Required work
Leave the images out, and copy each of the records below exactly.

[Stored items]
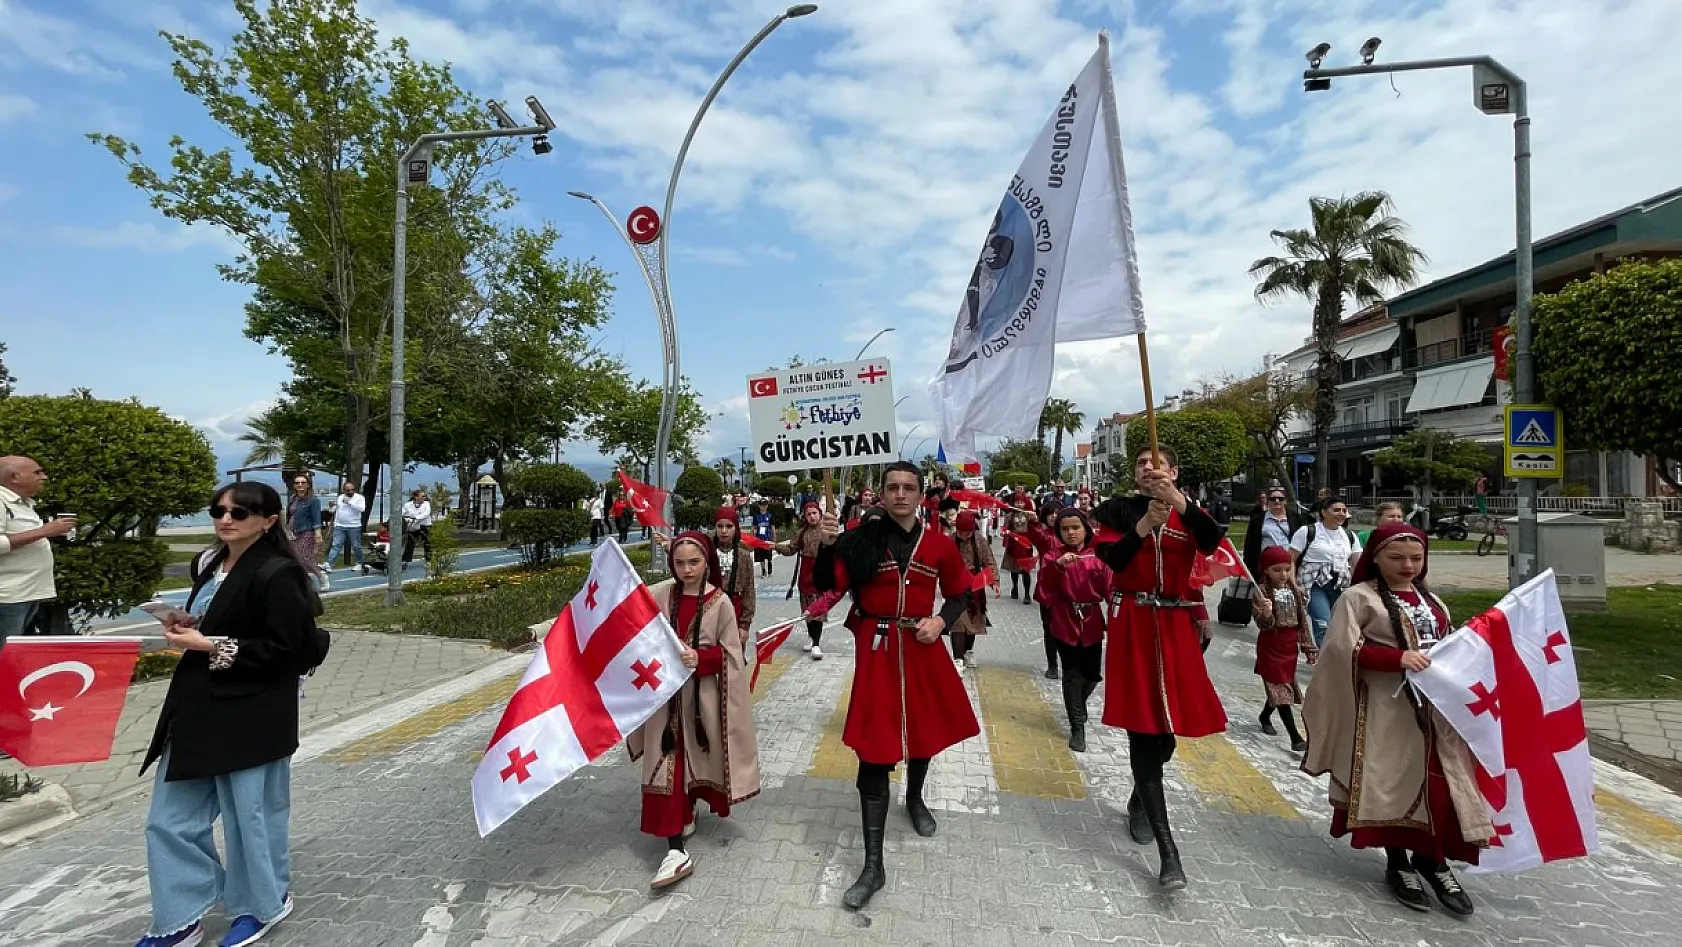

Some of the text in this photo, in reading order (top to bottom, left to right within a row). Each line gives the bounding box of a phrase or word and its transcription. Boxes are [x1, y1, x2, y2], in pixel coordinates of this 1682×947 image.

[1007, 173, 1053, 252] ნსამბლი
[789, 373, 813, 384] ALTIN
[760, 430, 892, 463] GÜRCİSTAN
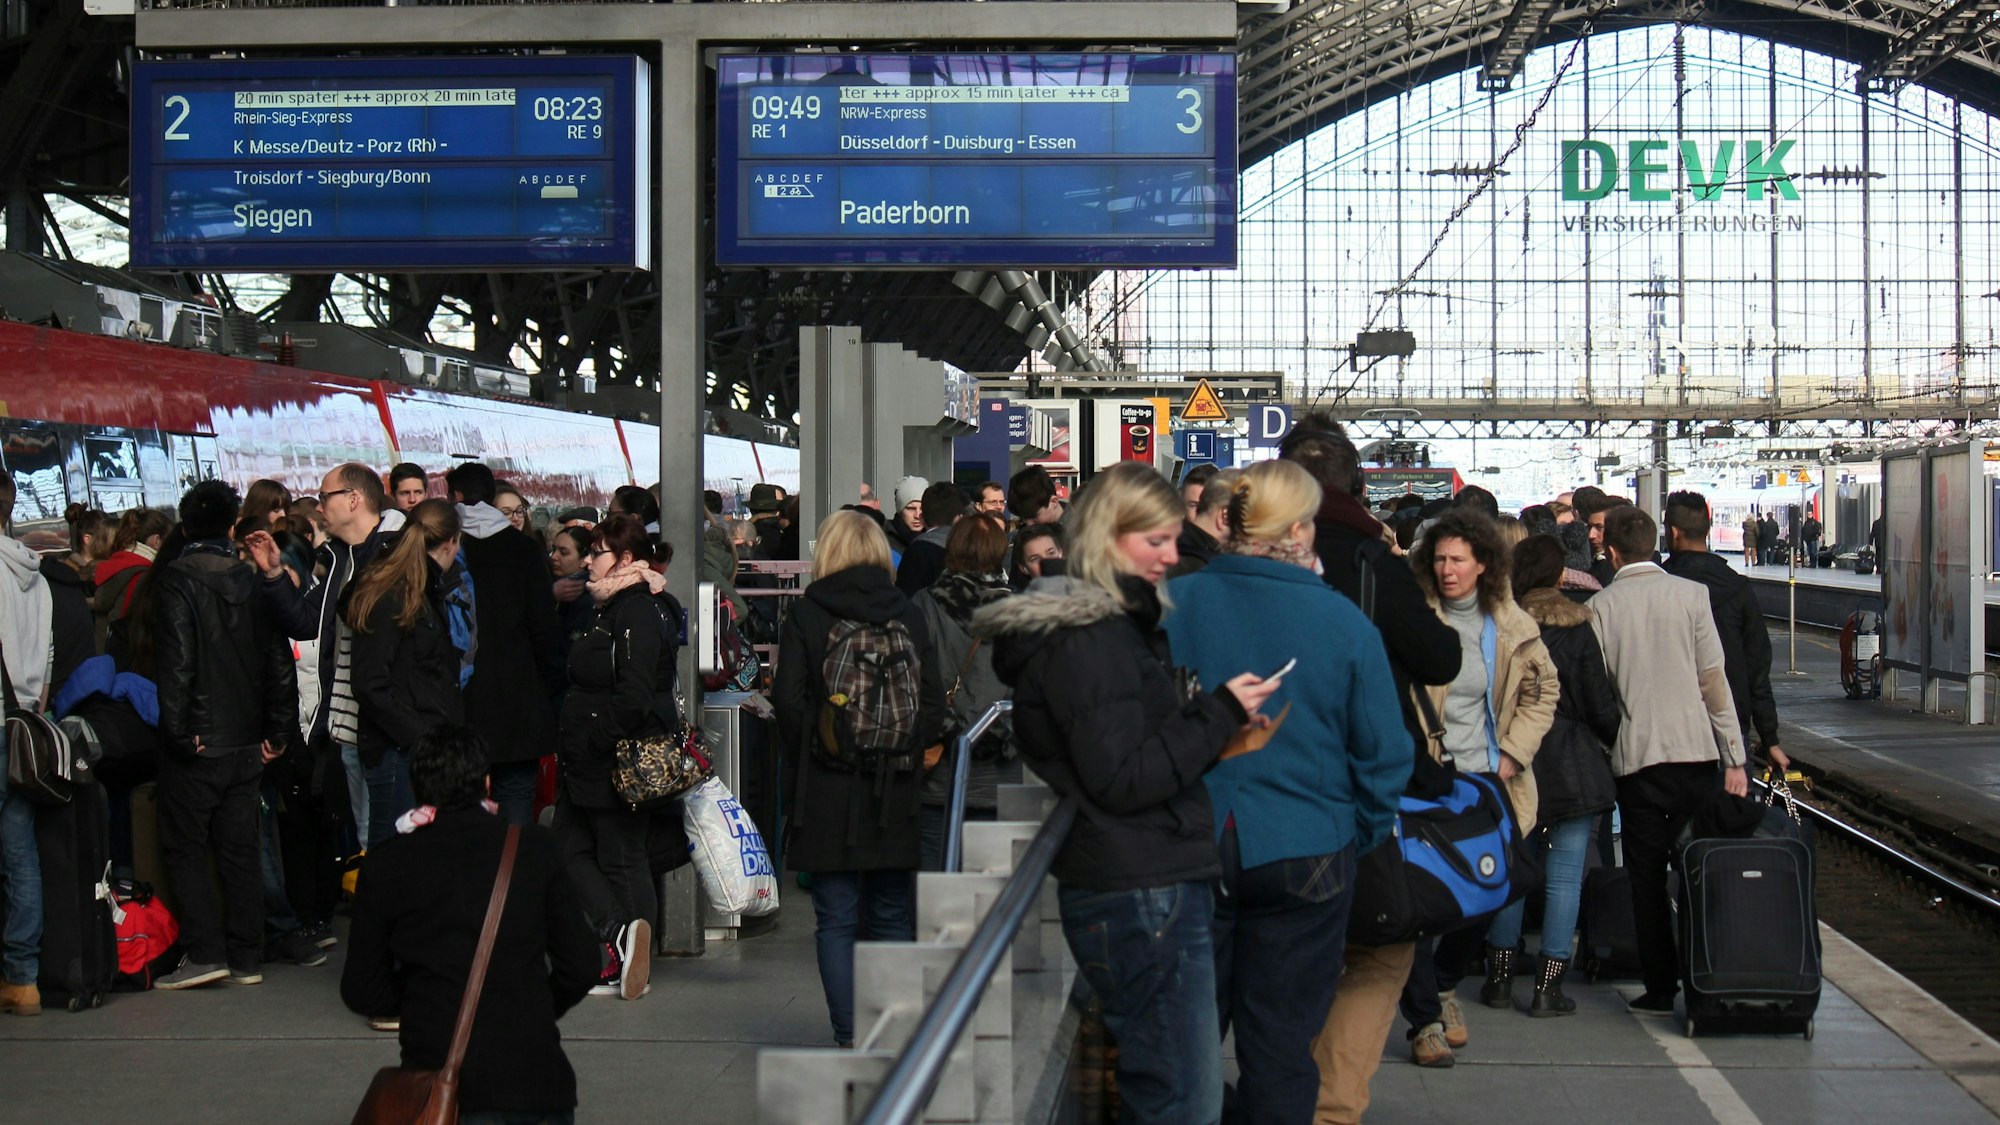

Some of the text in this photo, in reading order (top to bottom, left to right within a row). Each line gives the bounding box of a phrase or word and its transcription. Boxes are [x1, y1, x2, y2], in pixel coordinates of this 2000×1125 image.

[237, 92, 254, 105] 20
[258, 91, 284, 104] min
[288, 92, 339, 107] später
[344, 92, 371, 103] +++
[376, 90, 428, 105] approx
[434, 90, 450, 102] 20
[455, 90, 481, 102] min
[873, 89, 900, 98] +++
[905, 88, 960, 101] approx
[967, 87, 982, 98] 15
[987, 87, 1013, 98] min
[1018, 86, 1057, 98] later
[1068, 88, 1096, 97] +++
[1101, 87, 1120, 98] ca
[535, 97, 601, 120] 08:23
[753, 96, 820, 119] 09:49
[841, 107, 926, 121] NRW-Express
[1177, 87, 1202, 133] 3
[165, 96, 189, 140] 2
[234, 111, 352, 126] Rhein-Sieg-Express
[568, 125, 601, 139] RE 9
[753, 124, 785, 138] RE 1
[234, 140, 243, 154] K
[250, 139, 353, 153] Messe/Deutz
[367, 138, 402, 153] Porz
[407, 138, 437, 154] (Rh)
[841, 135, 928, 149] Düsseldorf
[945, 135, 1012, 153] Duisburg
[1029, 135, 1075, 149] Essen
[754, 173, 823, 183] A B C D E F
[1561, 140, 1801, 200] DEVK
[234, 171, 302, 184] Troisdorf
[318, 170, 430, 188] Siegburg/Bonn
[519, 174, 587, 185] A B C D E F
[233, 204, 311, 233] Siegen
[841, 201, 969, 223] Paderborn
[1562, 215, 1803, 232] VERSICHERUNGEN
[1122, 408, 1152, 418] Coffee-to-go
[1263, 406, 1287, 438] D
[1223, 443, 1229, 452] 3
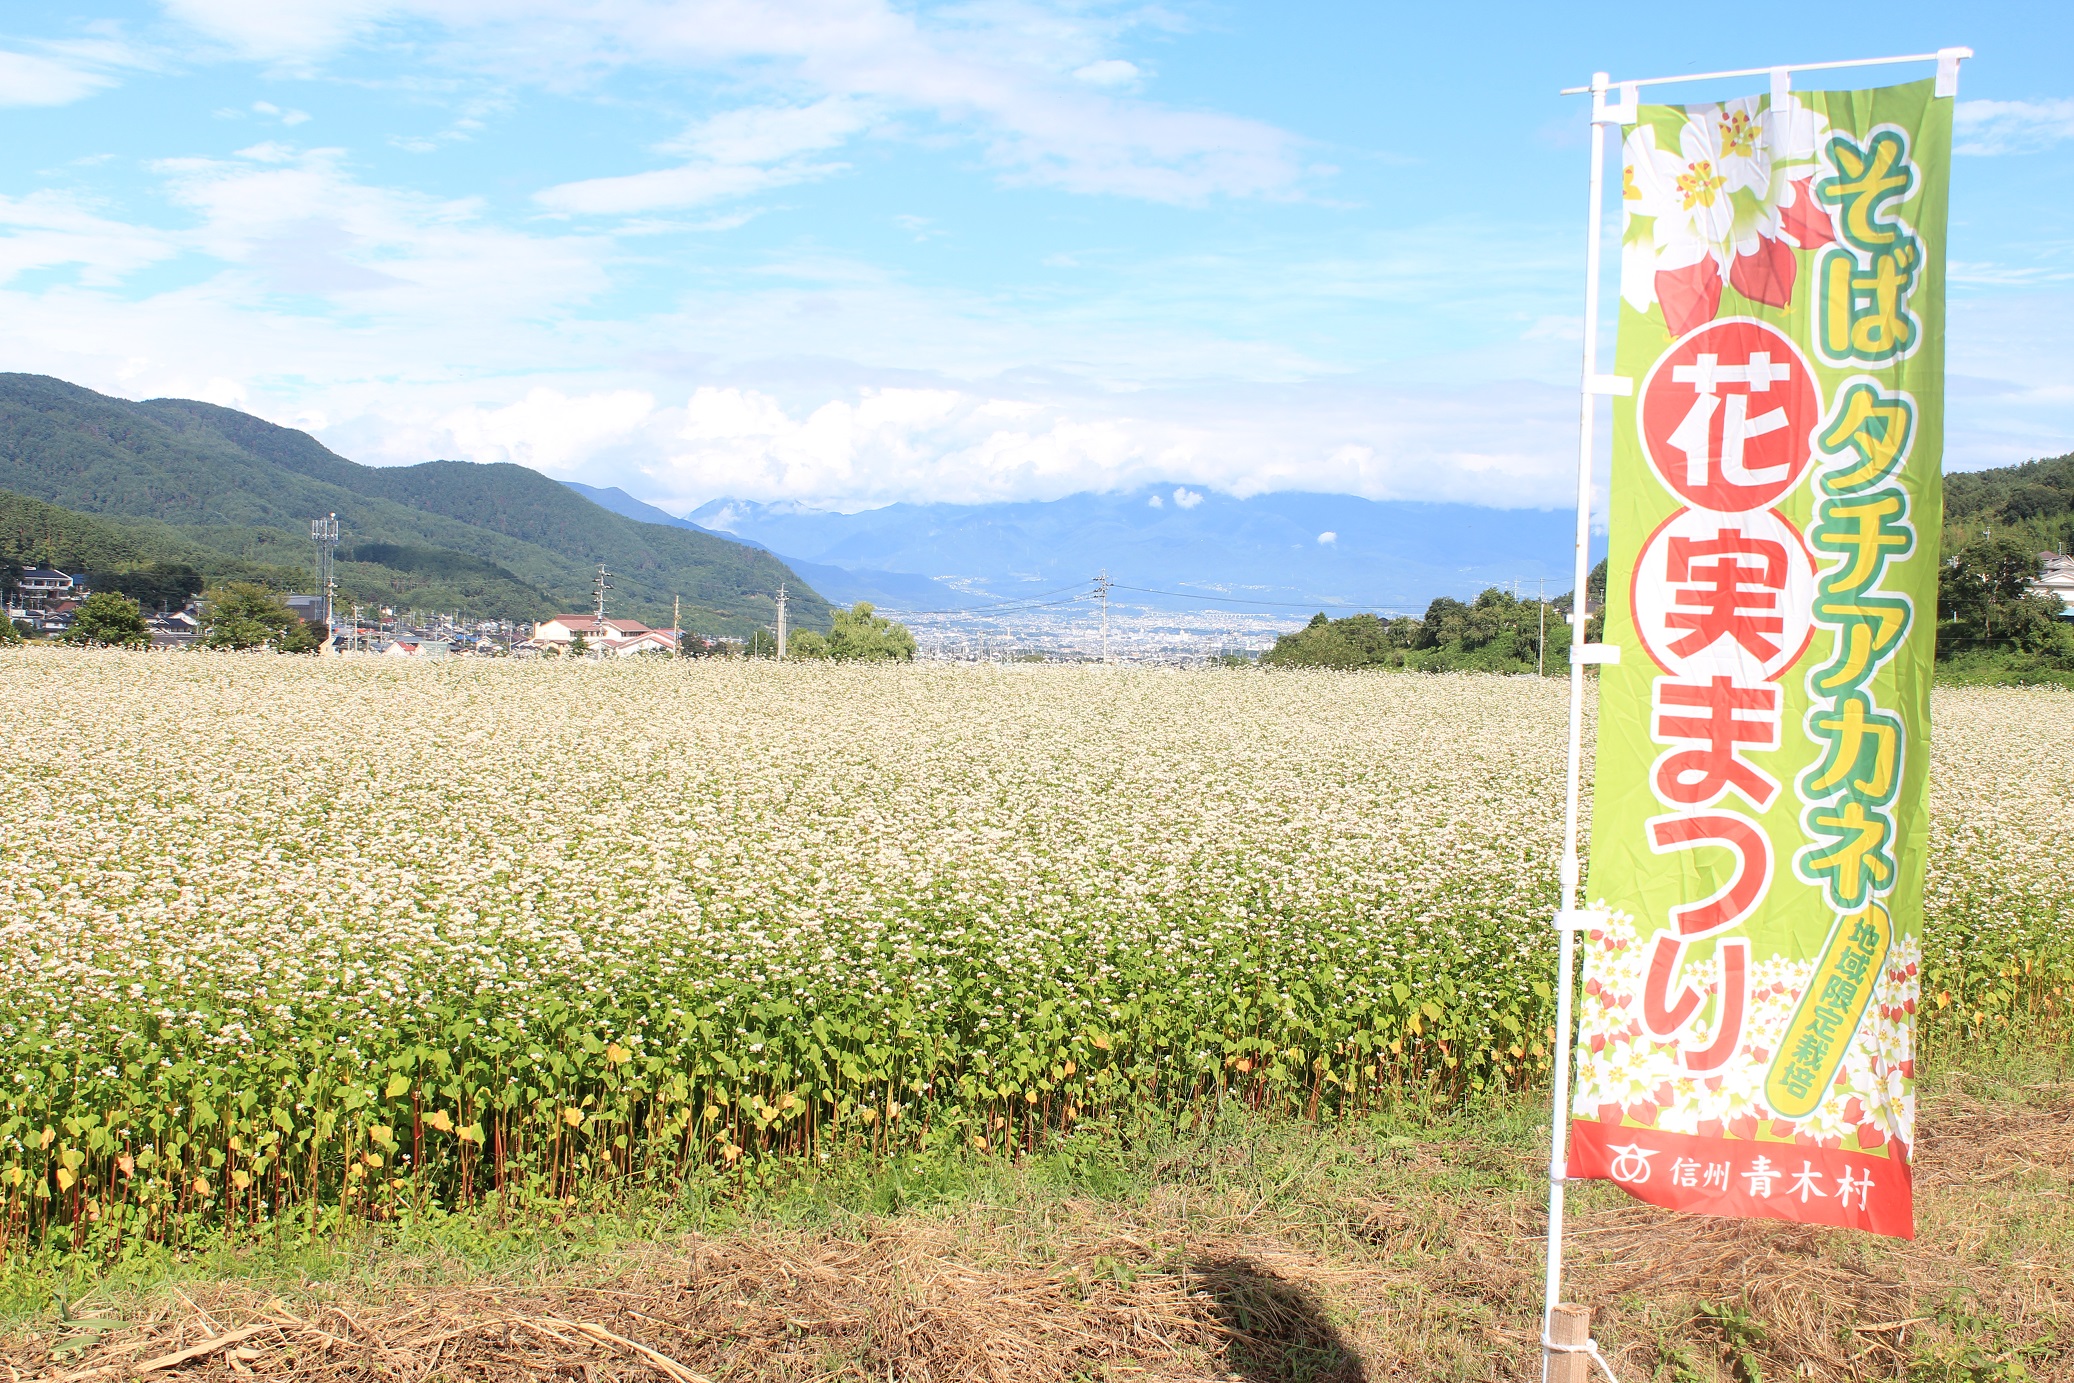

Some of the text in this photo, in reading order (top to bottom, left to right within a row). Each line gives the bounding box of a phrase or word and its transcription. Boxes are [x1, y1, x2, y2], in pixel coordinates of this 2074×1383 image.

Solved exercise
Some of the text in this photo, in reading order (top to bottom, left to right within a row). Each line gives the bounding box of a phrase or word and its transcription. Boxes are [x1, y1, x2, y2], in pixel coordinates of this 1682×947 image.

[1007, 173, 1053, 252] ნსამბლი
[789, 373, 813, 384] ALTIN
[760, 430, 892, 463] GÜRCİSTAN

Some of the text in this photo, in reading order (top to bottom, left to right within a row). Each line gives the bounding box of a phrase or word and its transcription. Boxes are [x1, y1, x2, y2], in pixel coordinates of this 2000×1125 image.

[237, 92, 254, 105] 20
[258, 91, 284, 104] min
[288, 92, 339, 107] später
[344, 92, 371, 103] +++
[376, 90, 428, 105] approx
[434, 90, 450, 102] 20
[455, 90, 481, 102] min
[873, 89, 900, 98] +++
[905, 88, 960, 101] approx
[967, 87, 982, 98] 15
[987, 87, 1013, 98] min
[1018, 86, 1057, 98] later
[1068, 88, 1096, 97] +++
[1101, 87, 1120, 98] ca
[535, 97, 601, 120] 08:23
[753, 96, 820, 119] 09:49
[841, 107, 926, 121] NRW-Express
[1177, 87, 1202, 133] 3
[165, 96, 189, 140] 2
[234, 111, 352, 126] Rhein-Sieg-Express
[568, 125, 601, 139] RE 9
[753, 124, 785, 138] RE 1
[234, 140, 243, 154] K
[250, 139, 353, 153] Messe/Deutz
[367, 138, 402, 153] Porz
[407, 138, 437, 154] (Rh)
[841, 135, 928, 149] Düsseldorf
[945, 135, 1012, 153] Duisburg
[1029, 135, 1075, 149] Essen
[754, 173, 823, 183] A B C D E F
[1561, 140, 1801, 200] DEVK
[234, 171, 302, 184] Troisdorf
[318, 170, 430, 188] Siegburg/Bonn
[519, 174, 587, 185] A B C D E F
[233, 204, 311, 233] Siegen
[841, 201, 969, 223] Paderborn
[1562, 215, 1803, 232] VERSICHERUNGEN
[1122, 408, 1152, 418] Coffee-to-go
[1263, 406, 1287, 438] D
[1223, 443, 1229, 452] 3

Some of the text in this photo, in reading order (top to bottom, left to right within a row). Each line gives the bounding box of a phrase or word and its transcription. Boxes are [x1, y1, x2, y2], in pixel coordinates of this 2074×1383 image.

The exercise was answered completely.